Comparatively little is known about the period that Bartitsu founder E.W. Barton-Wright spent living in Kobe, Japan. Arriving during mid-1895, he spent the next several years supervising an antimony smelting operation for E.H. Hunter and Company, a large manufacturing business. Most of his free time was apparently spent training at the Shinden Fudo Ryu jiujitsu dojo of his sensei, Terajima Kuniichiro.

However, we do have a curious detail of Barton-Wright’s activities in Kobe one evening during November of 1895, when he was part of a committee invited to test the purportedly supernatural powers of a young French-American woman known as “Annie May Abbott, the Georgia Magnet”.

Who was the Georgia Magnet?

Annie May Abbott - Matilda Tatro - re. Barton-Wright in Kobe

“Annie May Abbott”, whose real name was Matilda Tatro, was actually one of the most successful of several “Georgia Magnet” performers. This “Magnet act” had been touring music hall and vaudeville stages since 1883, when Lulu Hurst, the original Magnet, first rose to prominence in the USA. “Magnets” were typically slender young women who claimed to be able to manipulate a hitherto-unknown power, said to be akin to electricity or magnetism, that allowed them to perform superhuman feats of strength, under certain conditions. This description of a Magnet’s performance from a Minnesota newspaper dated October 15, 1890 is typical:

It was the most wonderful and utterly inexplicable exhibition – a genuine phenomenon – ever witnessed in this country. People may scoff and turn up their nose at the supernatural or, unnatural forces, if you please. Hypnotism until recently had but few believers. Mesmerism and kindred phenomena were thought to be high-flown titles for “fraud” and “fake,” but science has taken a hand and dispelled such ideas. It sounds a little “fishy” to state that she lifted two feet clear from the floor nine heavy men at one time, piled upon two heavy chairs, and as easily as the reader would this paper; in fact two gentlemen had their hands interposed between her hands and the chair, with no other contact when the entire mass came up, and those gentlemen assert that there was no more perceptible pressure against their hands than the weight of the hand.

Her muscles were examined during the tests and no sort of muscular action was found. What does it? The committee all tried singly to lift her, which the smallest man could do (she weighs not over 95) when she willed it, but when she preferred not, it remained not. Men tugged till their eyes bulged and they were red and blue in the face, but she remained smiling and as immovable as a block of buildings. Two, three four, six and eight men together expended all their strength in vain to hoist her a particle.

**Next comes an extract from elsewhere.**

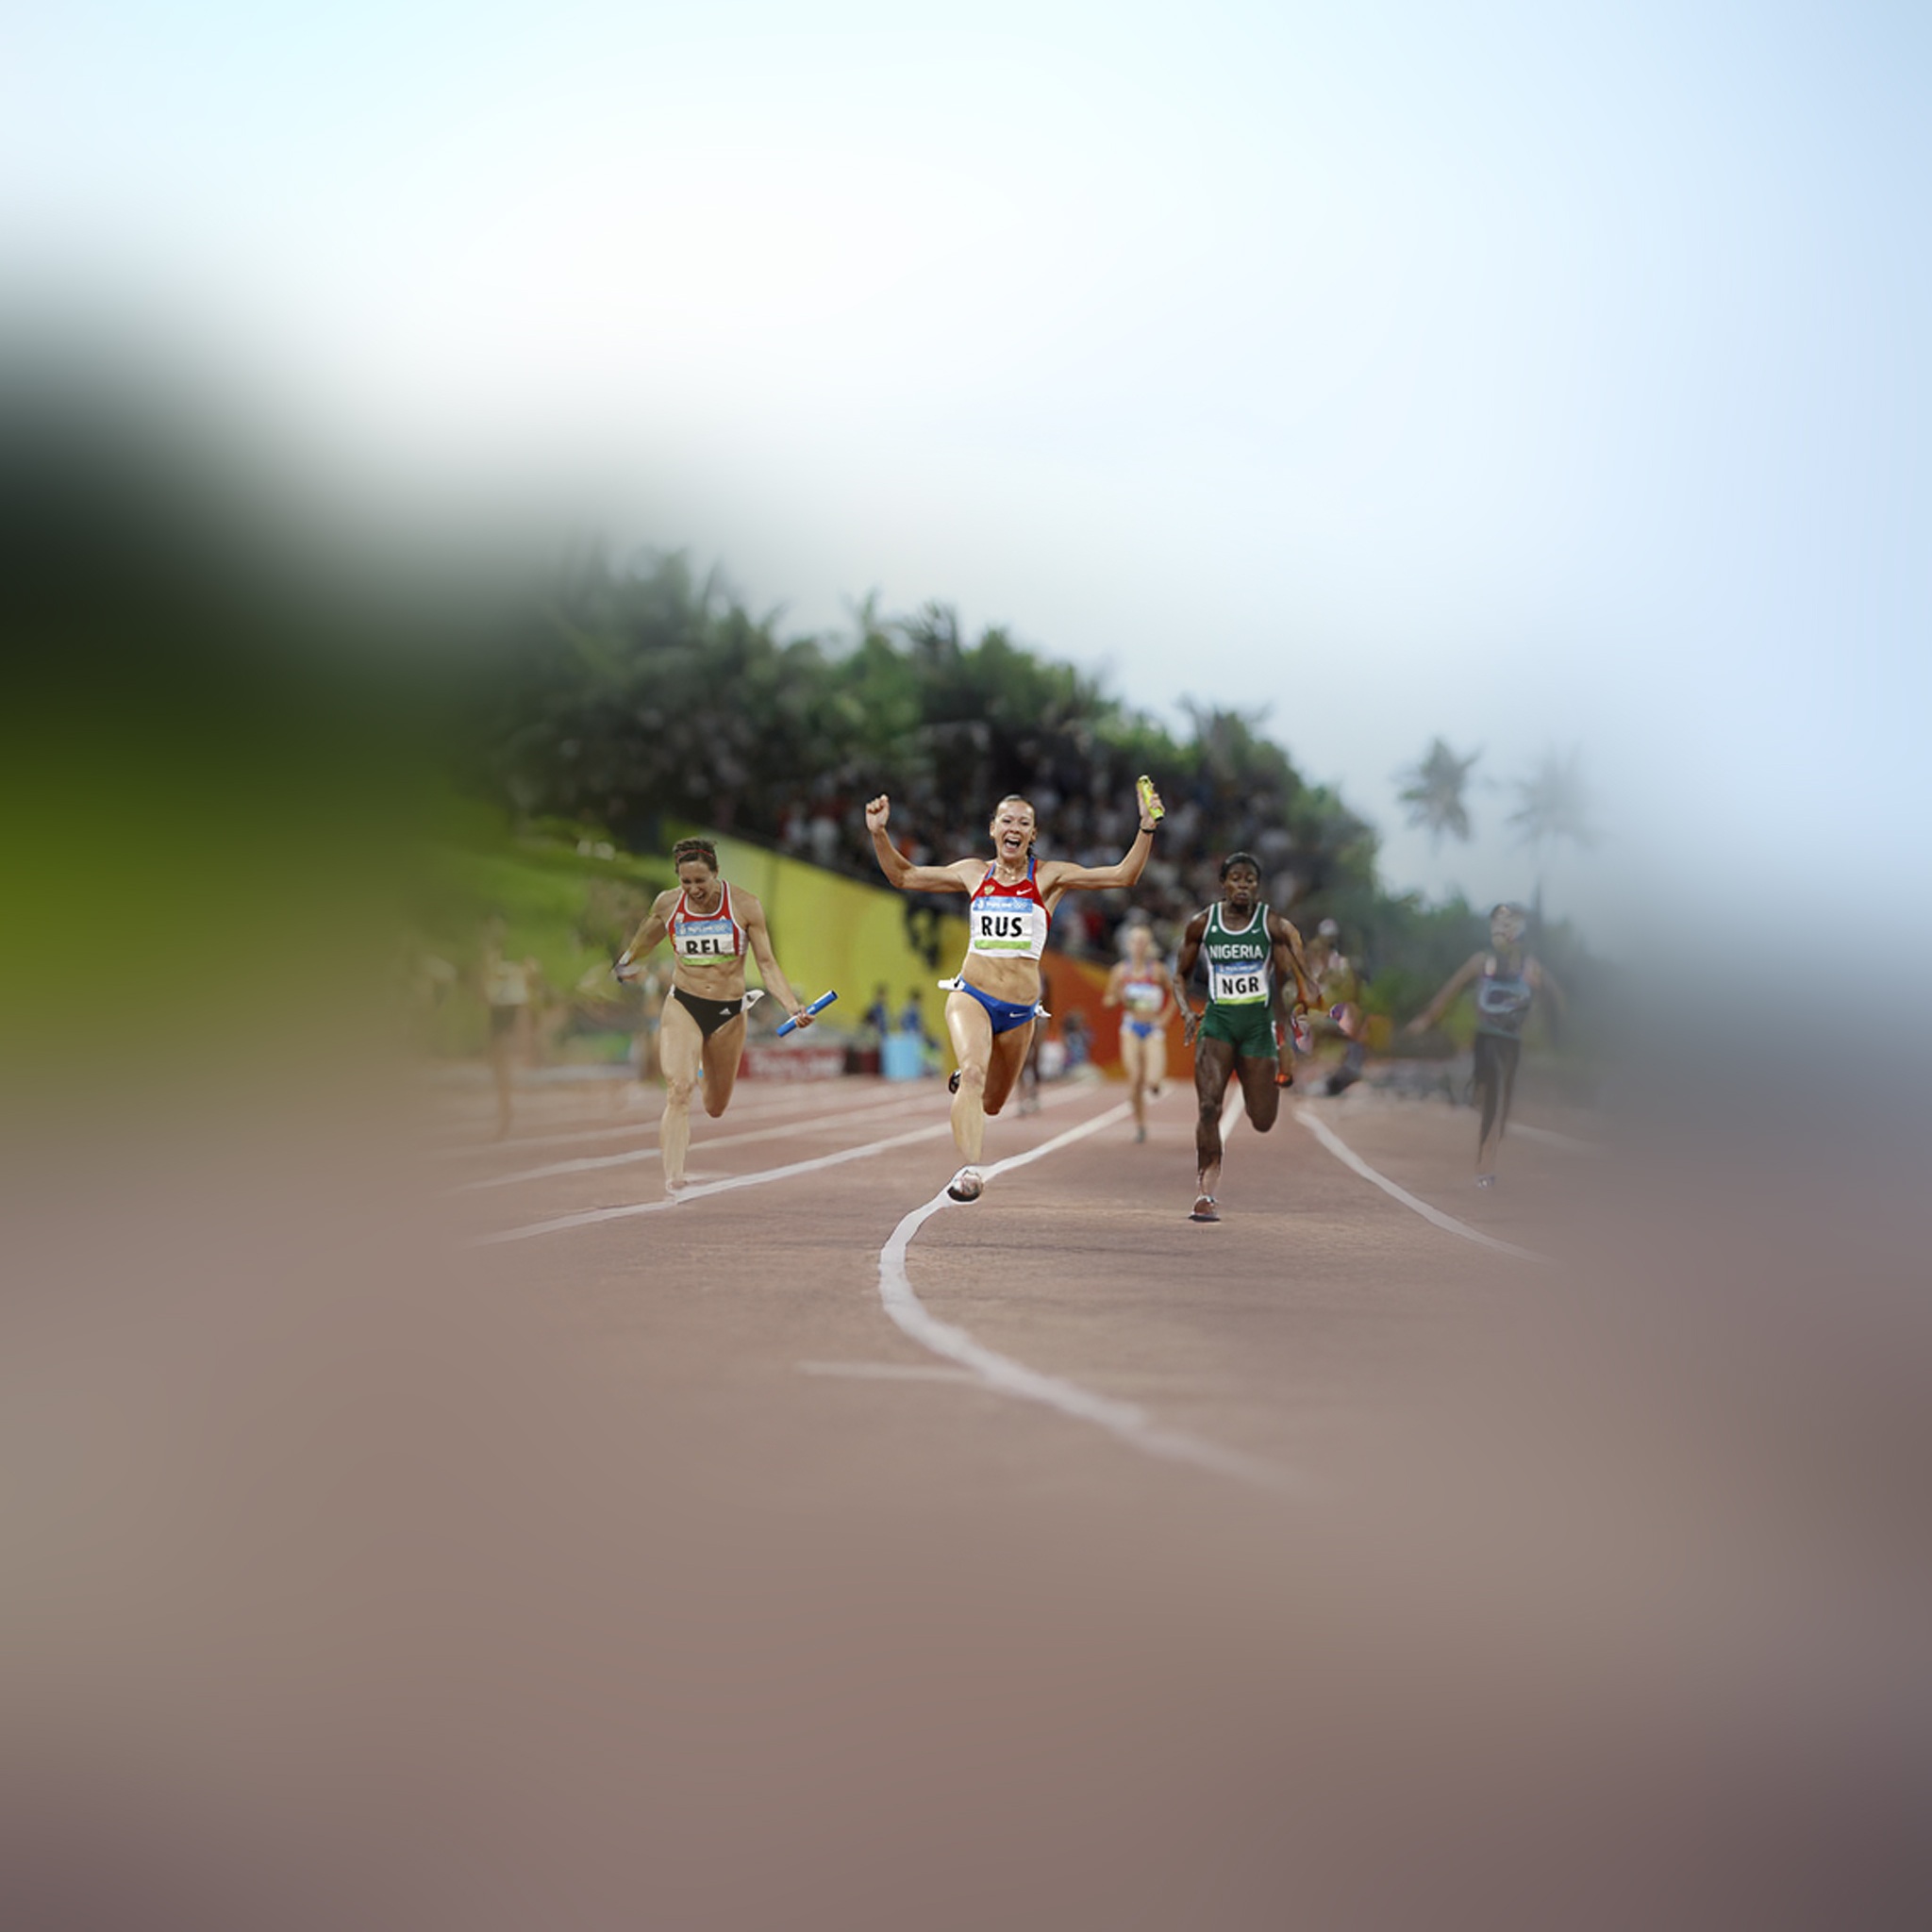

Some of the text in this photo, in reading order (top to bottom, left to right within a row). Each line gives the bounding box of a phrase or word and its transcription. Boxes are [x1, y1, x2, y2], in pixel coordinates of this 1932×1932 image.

She picked men up by the ears, by the head, hoisted them on poles, by her fingers tumbled them around like paper balls.

Many believers in the Magnet’s powers attributed them to a mysterious energy known as the odic force, which was held to be similar to the energies employed in spiritualist seances.

Barton-Wright meets the Magnet

By November of 1895, “Annie May Abbott’s” world tour had brought her to Japan. She and her manager, Richard N. Abbey – who had previously managed another Magnet, whose real name was Dixie Haygood – joined forces with a Professor Frank E. Wood, who served as their translator. They performed a series of shows, or “demonstrations”, at theatres throughout Japan, eventually arriving in Kobe.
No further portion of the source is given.